However, we do not know the true distribution \(\mathcal{D}\), and so we can only estimate the loss function \(\mathcal{L}\) from the corpus \(\mathcal{S}\), and we can write the process of estimating via the negative log-likelihood as:

\[\begin{split} \begin{aligned} \hat{\mathcal{L}}\left(\mathcal{S} ; \hat{\boldsymbol{\Theta}}\right) &= -\sum_{\mathbf{x} \in \mathcal{S}} \sum_{t=1}^T \log \mathbb{P}\left(x_t \mid C_{\tau}(\mathbf{x}, t) ; \hat{\boldsymbol{\Theta}}\right) \\ &= -\sum_{n=1}^N \sum_{t=1}^{T_n} \log \mathbb{P}\left(x_{n, t} \mid C_{\tau}(\mathbf{x}_{n}, t) ; \hat{\boldsymbol{\Theta}}\right) \\ \end{aligned} \end{split}\]

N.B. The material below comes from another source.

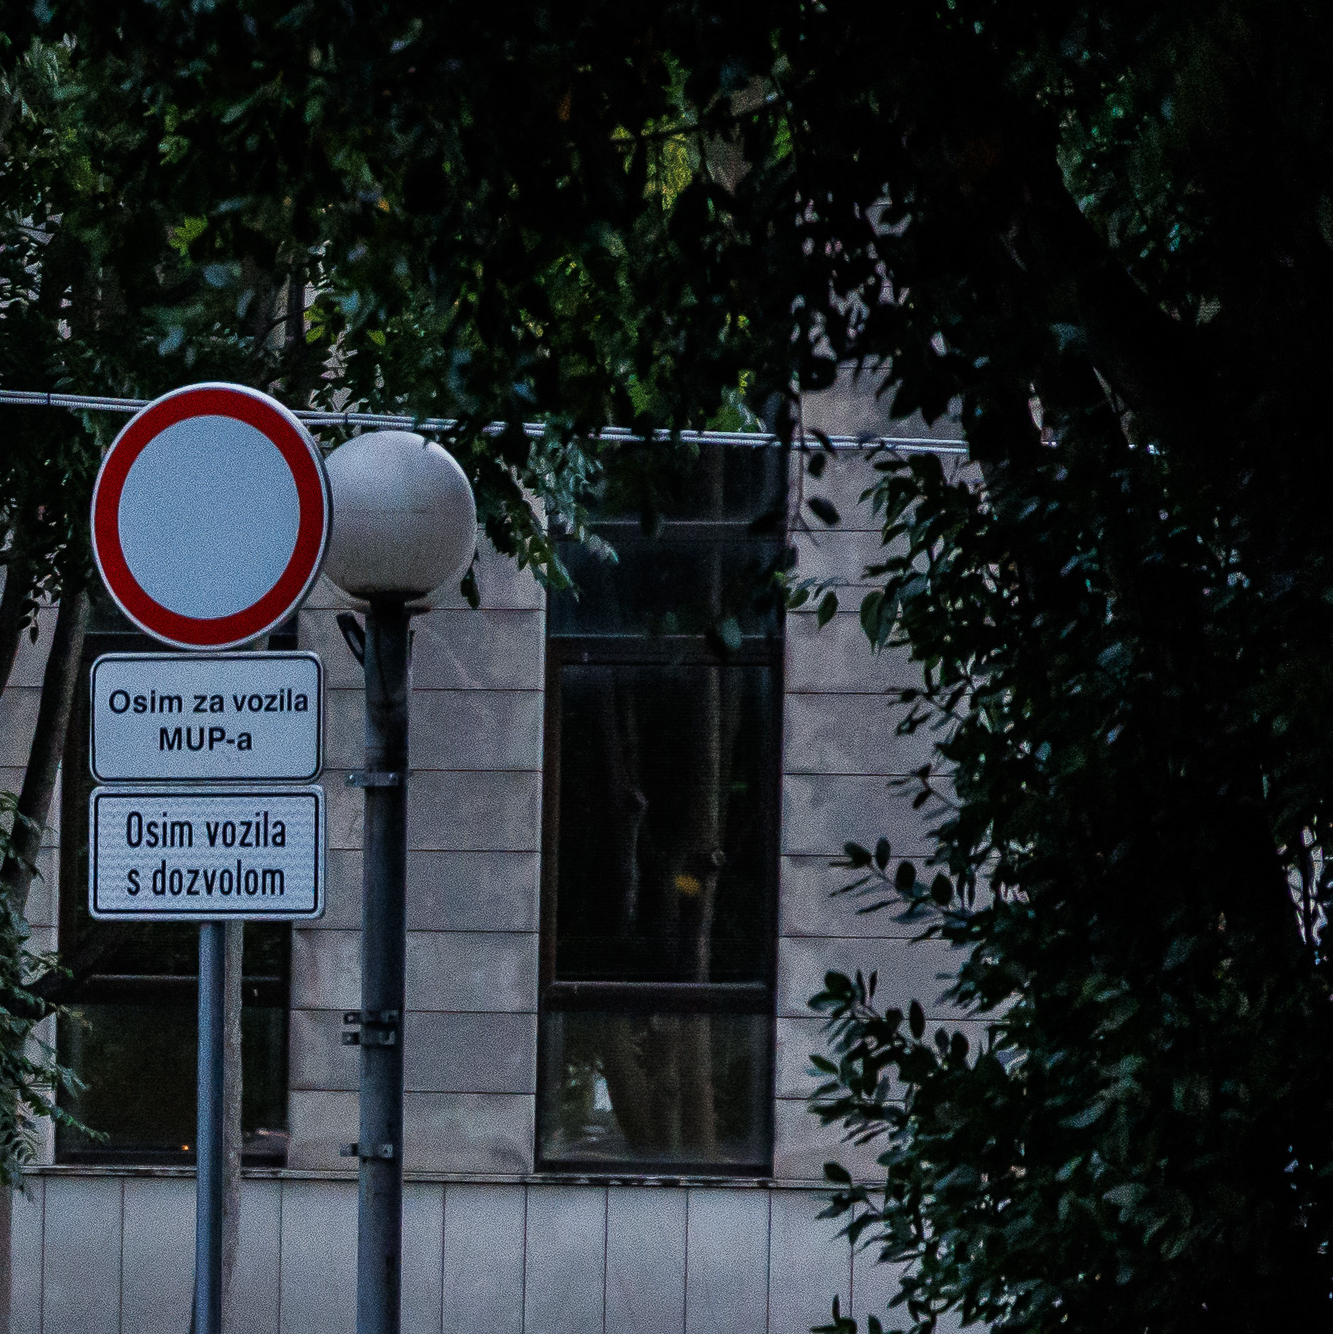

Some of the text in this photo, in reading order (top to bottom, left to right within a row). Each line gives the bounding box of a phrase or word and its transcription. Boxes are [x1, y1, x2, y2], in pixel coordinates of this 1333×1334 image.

and consequently, the objective function is to minimize the estimated loss function \(\hat{\mathcal{L}}\left(\mathcal{S} ; \hat{\boldsymbol{\Theta}}\right)\),

\[\begin{split} \begin{aligned} \hat{\boldsymbol{\theta}}^{*} &= \underset{\hat{\boldsymbol{\theta}} \in \boldsymbol{\Theta}}{\text{argmin}} \hat{\mathcal{L}}\left(\mathcal{S} ; \hat{\boldsymbol{\Theta}}\right) \\ &= \underset{\hat{\boldsymbol{\theta}} \in \boldsymbol{\Theta}}{\text{argmin}} -\sum_{n=1}^N \sum_{t=1}^{T_n} \log \mathbb{P}\left(x_{n, t} \mid C_{\tau}(\mathbf{x}_{n}, t) ; \hat{\boldsymbol{\Theta}}\right) \\ \end{aligned} \end{split}\]

Convergence#

It can be shown that the given the Markov assumption and a token context window size of \(\tau\), the loss function \(\mathcal{L}\) is a consistent estimator of the true distribution \(\mathcal{D}\), and the the objective \(\hat{\mathcal{L}}\left(\mathcal{S} ; \hat{\boldsymbol{\Theta}}\right)\) converges to the true conditional probability distribution \(\mathbb{P}(x_t \mid x_{<t} ; \boldsymbol{\Theta})\) over \(\mathcal{D}\) as the size of the corpus \(\mathcal{S}\) goes to infinity, if the model has sufficient capacity and the optimization algorithm is appropriate [Lee, 2023].

Furthermore, the proposition that the conditional entropy \(H\left(X_t \mid X_{<t}\right)\) of the true data-generating process is upper bounded by the logarithm of the size of the vocabulary \(\mathcal{V}\), i.e., \(H\left(X_t \mid X_{<t}\right) \leq \log |\mathcal{V}|\) [Lee, 2023].

The proposition that the conditional entropy has an upper limit, carries significant implications for optimizing autoregressive self-supervised learning models. Specifically, because the conditional entropy cannot exceed the logarithm of the vocabulary size \(\mathcal{V}\), we infer a similar upper limit on perplexity. This cap on perplexity offers a valuable benchmark for evaluating and comparing different models, establishing a theoretical maximum for model performance based on the size of the vocabulary [Lee, 2023].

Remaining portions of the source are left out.